# [RECORDS FOR THIS EXERCISE]
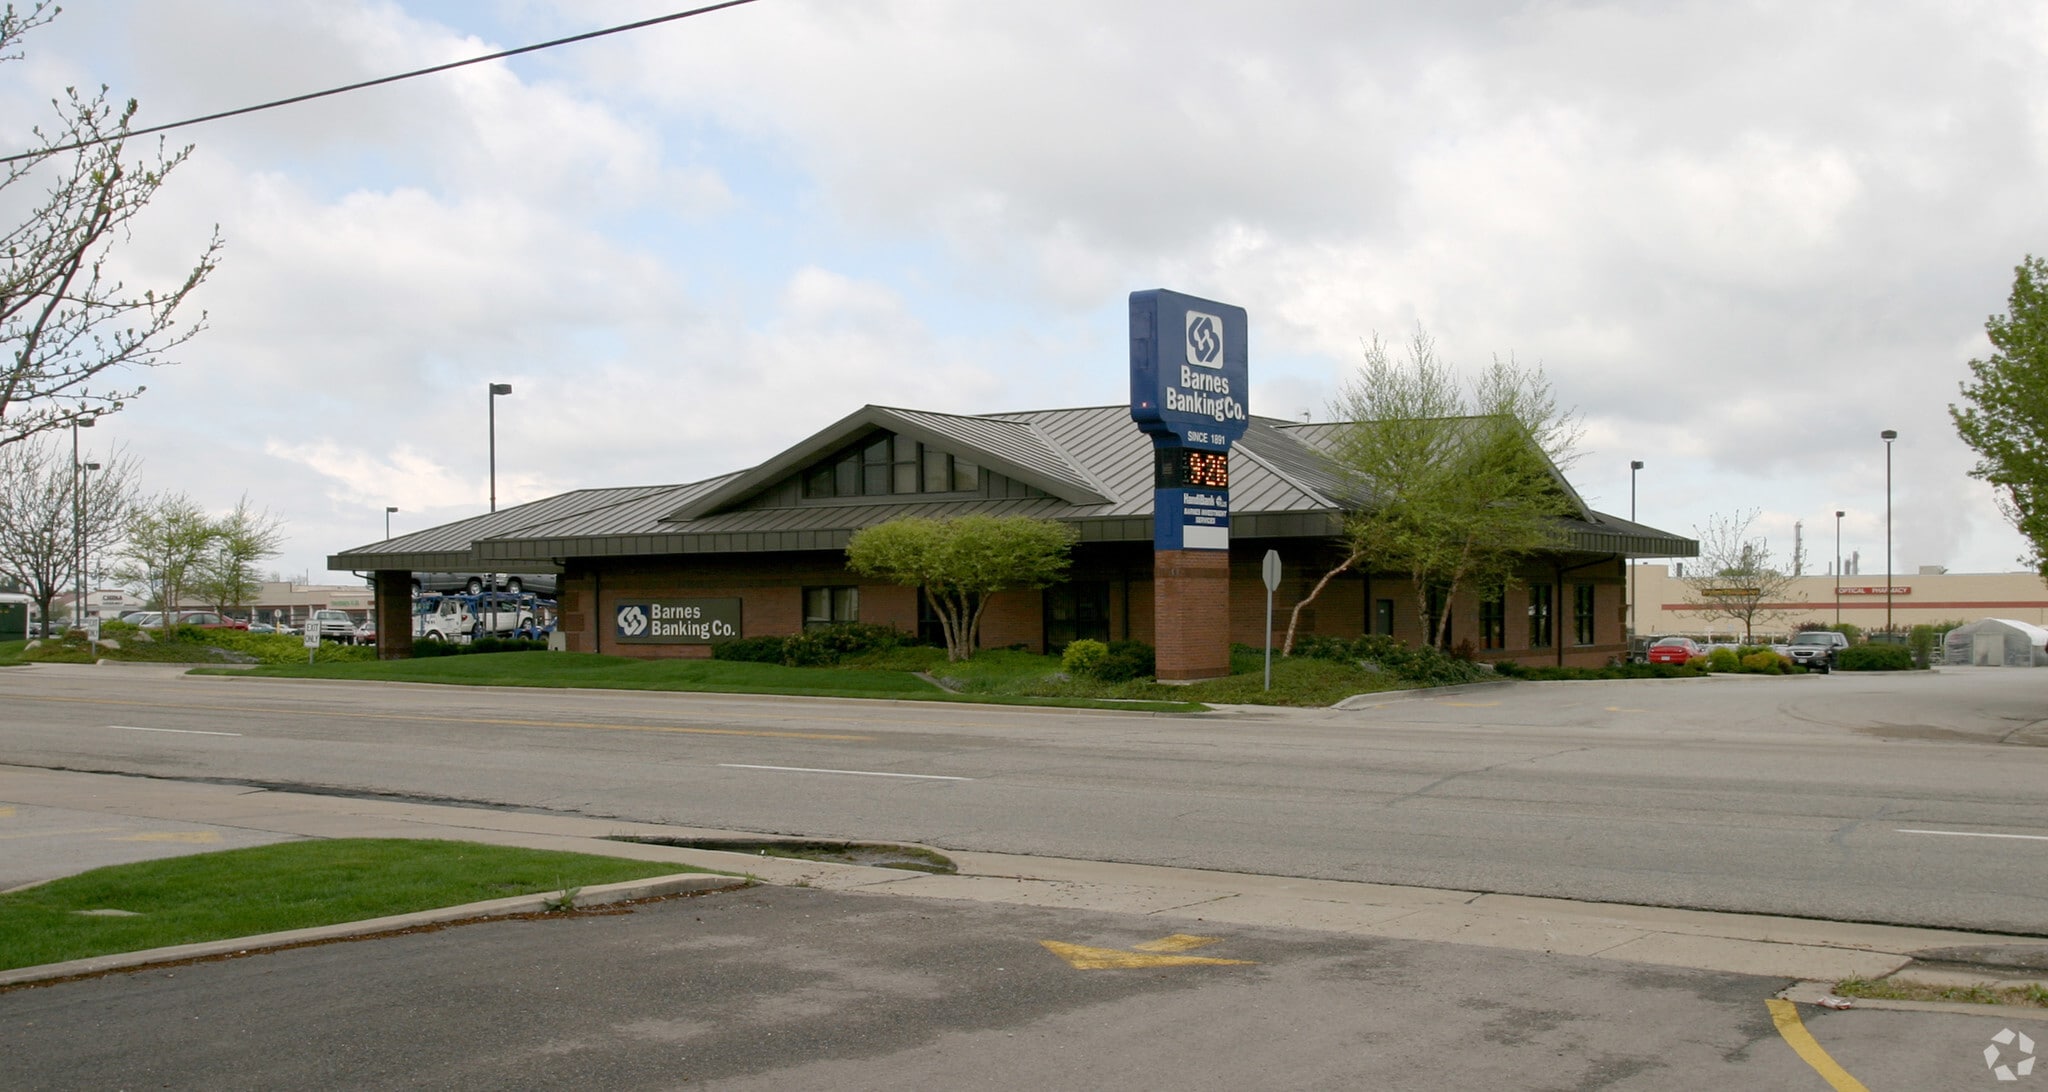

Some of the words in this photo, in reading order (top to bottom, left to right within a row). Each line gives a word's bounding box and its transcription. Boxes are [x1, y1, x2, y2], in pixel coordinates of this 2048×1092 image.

[1181, 365, 1229, 394] Barnes
[1187, 430, 1208, 443] SINCE
[1210, 434, 1226, 445] 1891
[1190, 453, 1227, 486] 9:26
[651, 603, 701, 619] Barnes
[306, 623, 319, 632] EXIT
[651, 620, 710, 639] Banking
[712, 620, 736, 636] Co.
[304, 634, 319, 644] ONLY
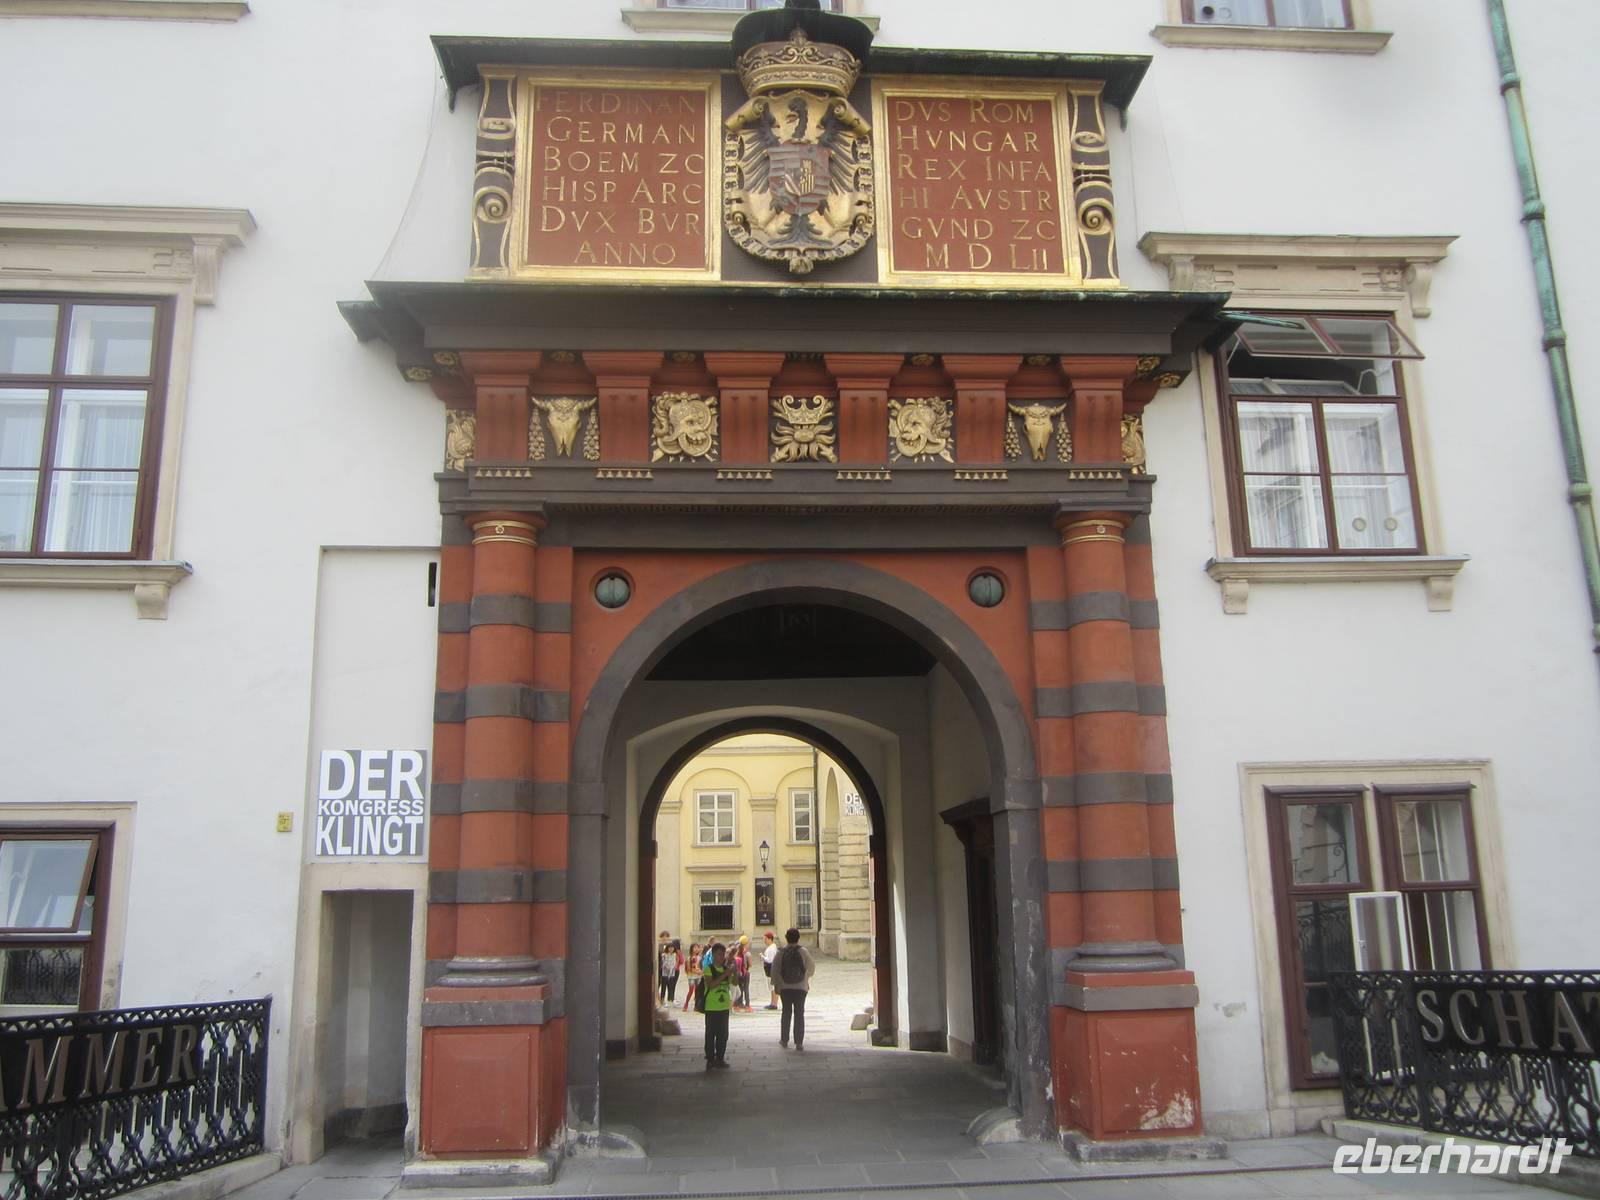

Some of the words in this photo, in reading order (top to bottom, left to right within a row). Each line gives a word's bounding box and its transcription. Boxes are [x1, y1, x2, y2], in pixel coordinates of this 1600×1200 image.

[895, 101, 951, 122] DVS
[969, 97, 1034, 124] ROM
[546, 116, 696, 145] GERMAN
[896, 125, 1040, 152] HVNGAR
[543, 145, 640, 173] BOEM
[897, 153, 966, 180] REX
[986, 156, 1052, 182] INFA
[543, 175, 617, 202] HISP
[631, 178, 702, 204] ARC
[899, 187, 929, 209] HI
[951, 185, 1052, 211] AVSTR
[540, 205, 616, 233] DVX
[637, 207, 700, 235] BVR
[902, 216, 994, 240] GVND
[574, 240, 676, 265] ANNO
[1009, 243, 1048, 271] LII
[319, 750, 424, 800] DER
[318, 800, 424, 816] KONGRESS
[315, 815, 423, 855] KLINGT
[0, 1024, 197, 1112] MMER
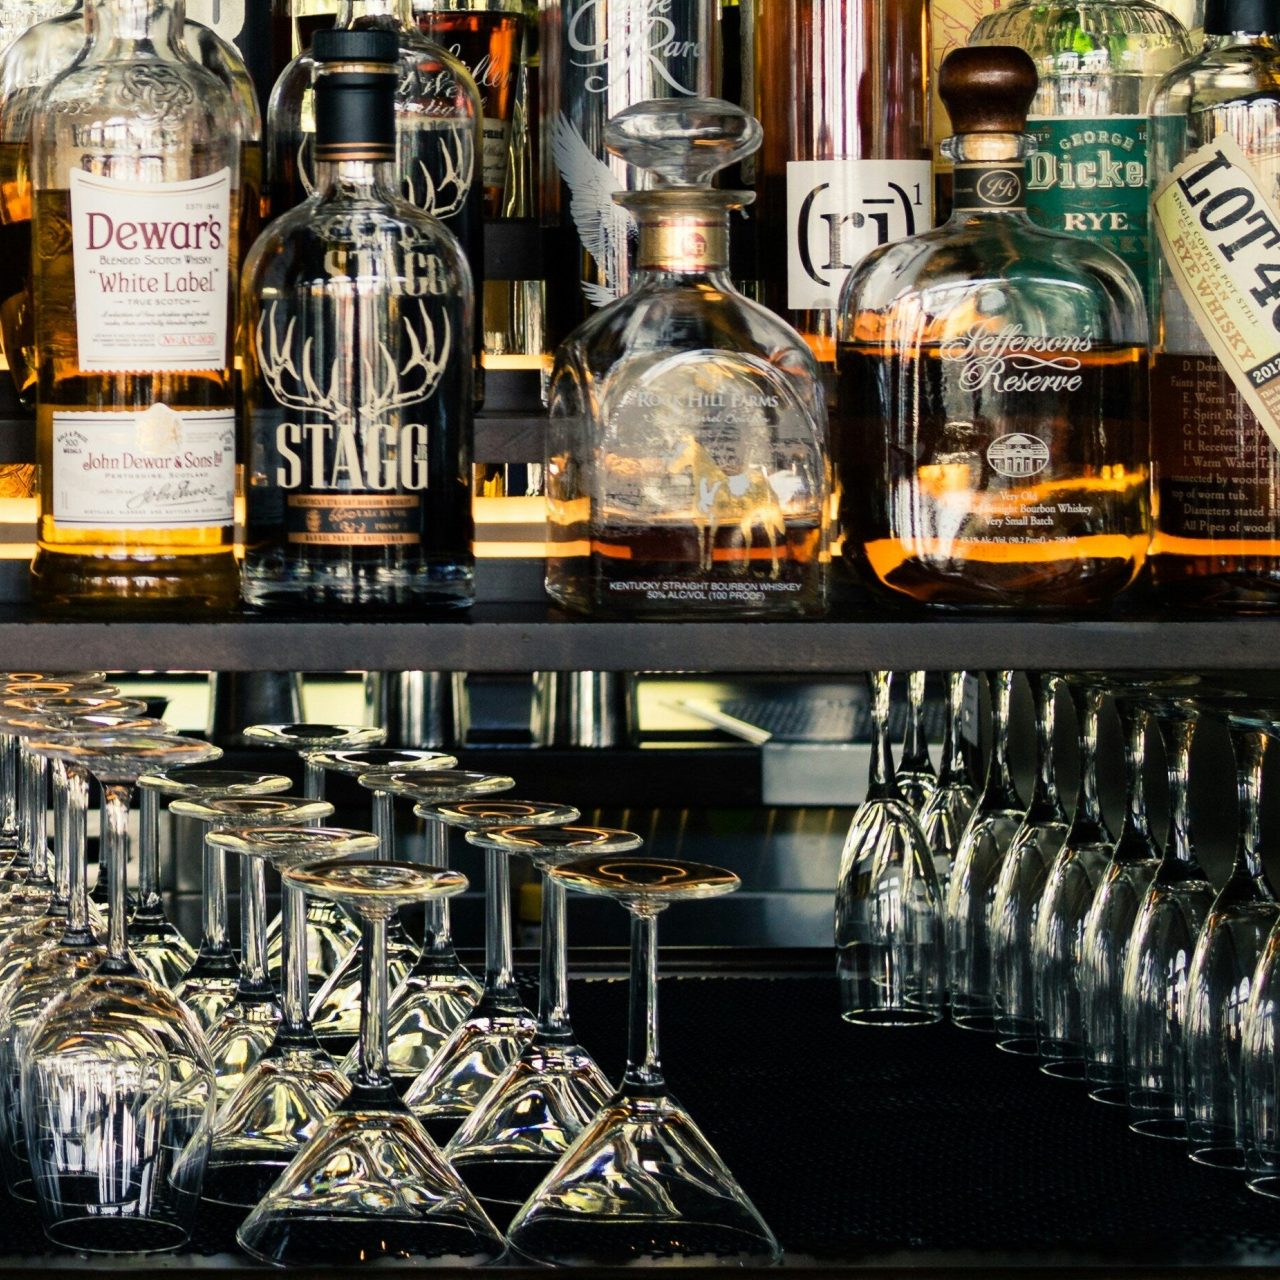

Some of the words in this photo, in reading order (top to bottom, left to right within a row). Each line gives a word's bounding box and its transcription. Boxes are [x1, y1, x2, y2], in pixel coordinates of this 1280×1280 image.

[1059, 131, 1135, 152] GEORGE
[1026, 150, 1149, 190] Dicke
[1177, 150, 1280, 263] LOT
[1064, 212, 1129, 232] RYE
[86, 212, 223, 250] Dewar's
[1172, 192, 1194, 230] SINGLE
[1194, 231, 1221, 272] COPPER
[1220, 274, 1238, 295] POT
[1237, 298, 1259, 327] STILL
[1178, 219, 1229, 301] CANADIAN
[1172, 235, 1200, 278] RYE
[1197, 277, 1256, 362] WHISKY
[939, 320, 1093, 362] Jefferson's
[1183, 361, 1193, 372] D.
[959, 356, 1082, 393] Reserve
[688, 392, 726, 408] HILL
[731, 393, 779, 408] FARMS
[1195, 393, 1225, 403] Worm
[1195, 409, 1221, 423] Spirit
[83, 452, 120, 471] John
[124, 453, 171, 469] Dewar
[174, 457, 182, 469] &
[184, 452, 213, 469] Sons
[276, 423, 430, 491] STAGG
[1193, 456, 1221, 468] Warm
[1216, 473, 1228, 488] by
[1000, 491, 1019, 501] Very
[1021, 491, 1038, 501] Old
[1197, 491, 1225, 500] worm
[1228, 490, 1249, 500] tub.
[1020, 504, 1056, 513] Bourbon
[1058, 504, 1093, 516] Whiskey
[1184, 504, 1231, 516] Diameters
[1234, 506, 1265, 517] stated
[984, 517, 1002, 528] Very
[1006, 516, 1028, 526] Small
[1030, 516, 1054, 526] Batch
[1184, 520, 1197, 531] All
[1200, 520, 1226, 535] Pipes
[1229, 521, 1241, 533] of
[610, 582, 661, 591] KENTUCKY
[663, 583, 709, 591] STRAIGHT
[711, 583, 760, 591] BOURBON
[760, 583, 802, 592] WHISKEY
[647, 592, 666, 600] 50%
[668, 592, 707, 600] ALC/VOL
[708, 592, 727, 601] (100
[729, 592, 765, 601] PROOF)

# [WHAT IS BEING ASKED]
Without the pictures, reproduce every line of the records above exactly.

# [ANSWER BOX]
Some of the words in this photo, in reading order (top to bottom, left to right within a row). Each line gives a word's bounding box and its transcription. Boxes are [x1, y1, x2, y2], in pixel coordinates of this 2048×1092 image.

[1181, 365, 1229, 394] Barnes
[1187, 430, 1208, 443] SINCE
[1210, 434, 1226, 445] 1891
[1190, 453, 1227, 486] 9:26
[651, 603, 701, 619] Barnes
[306, 623, 319, 632] EXIT
[651, 620, 710, 639] Banking
[712, 620, 736, 636] Co.
[304, 634, 319, 644] ONLY

Some of the words in this photo, in reading order (top to bottom, left to right within a row). Each line gives a word's bounding box and its transcription. Boxes are [x1, y1, x2, y2], in pixel coordinates of this 1600×1200 image.

[895, 101, 951, 122] DVS
[969, 97, 1034, 124] ROM
[546, 116, 696, 145] GERMAN
[896, 125, 1040, 152] HVNGAR
[543, 145, 640, 173] BOEM
[897, 153, 966, 180] REX
[986, 156, 1052, 182] INFA
[543, 175, 617, 202] HISP
[631, 178, 702, 204] ARC
[899, 187, 929, 209] HI
[951, 185, 1052, 211] AVSTR
[540, 205, 616, 233] DVX
[637, 207, 700, 235] BVR
[902, 216, 994, 240] GVND
[574, 240, 676, 265] ANNO
[1009, 243, 1048, 271] LII
[319, 750, 424, 800] DER
[318, 800, 424, 816] KONGRESS
[315, 815, 423, 855] KLINGT
[0, 1024, 197, 1112] MMER

Some of the words in this photo, in reading order (top to bottom, left to right within a row). Each line gives a word's bounding box and its transcription. Boxes are [x1, y1, x2, y2], in pixel coordinates of this 1280×1280 image.

[1059, 131, 1135, 152] GEORGE
[1026, 150, 1149, 190] Dicke
[1177, 150, 1280, 263] LOT
[1064, 212, 1129, 232] RYE
[86, 212, 223, 250] Dewar's
[1172, 192, 1194, 230] SINGLE
[1194, 231, 1221, 272] COPPER
[1220, 274, 1238, 295] POT
[1237, 298, 1259, 327] STILL
[1178, 219, 1229, 301] CANADIAN
[1172, 235, 1200, 278] RYE
[1197, 277, 1256, 362] WHISKY
[939, 320, 1093, 362] Jefferson's
[1183, 361, 1193, 372] D.
[959, 356, 1082, 393] Reserve
[688, 392, 726, 408] HILL
[731, 393, 779, 408] FARMS
[1195, 393, 1225, 403] Worm
[1195, 409, 1221, 423] Spirit
[83, 452, 120, 471] John
[124, 453, 171, 469] Dewar
[174, 457, 182, 469] &
[184, 452, 213, 469] Sons
[276, 423, 430, 491] STAGG
[1193, 456, 1221, 468] Warm
[1216, 473, 1228, 488] by
[1000, 491, 1019, 501] Very
[1021, 491, 1038, 501] Old
[1197, 491, 1225, 500] worm
[1228, 490, 1249, 500] tub.
[1020, 504, 1056, 513] Bourbon
[1058, 504, 1093, 516] Whiskey
[1184, 504, 1231, 516] Diameters
[1234, 506, 1265, 517] stated
[984, 517, 1002, 528] Very
[1006, 516, 1028, 526] Small
[1030, 516, 1054, 526] Batch
[1184, 520, 1197, 531] All
[1200, 520, 1226, 535] Pipes
[1229, 521, 1241, 533] of
[610, 582, 661, 591] KENTUCKY
[663, 583, 709, 591] STRAIGHT
[711, 583, 760, 591] BOURBON
[760, 583, 802, 592] WHISKEY
[647, 592, 666, 600] 50%
[668, 592, 707, 600] ALC/VOL
[708, 592, 727, 601] (100
[729, 592, 765, 601] PROOF)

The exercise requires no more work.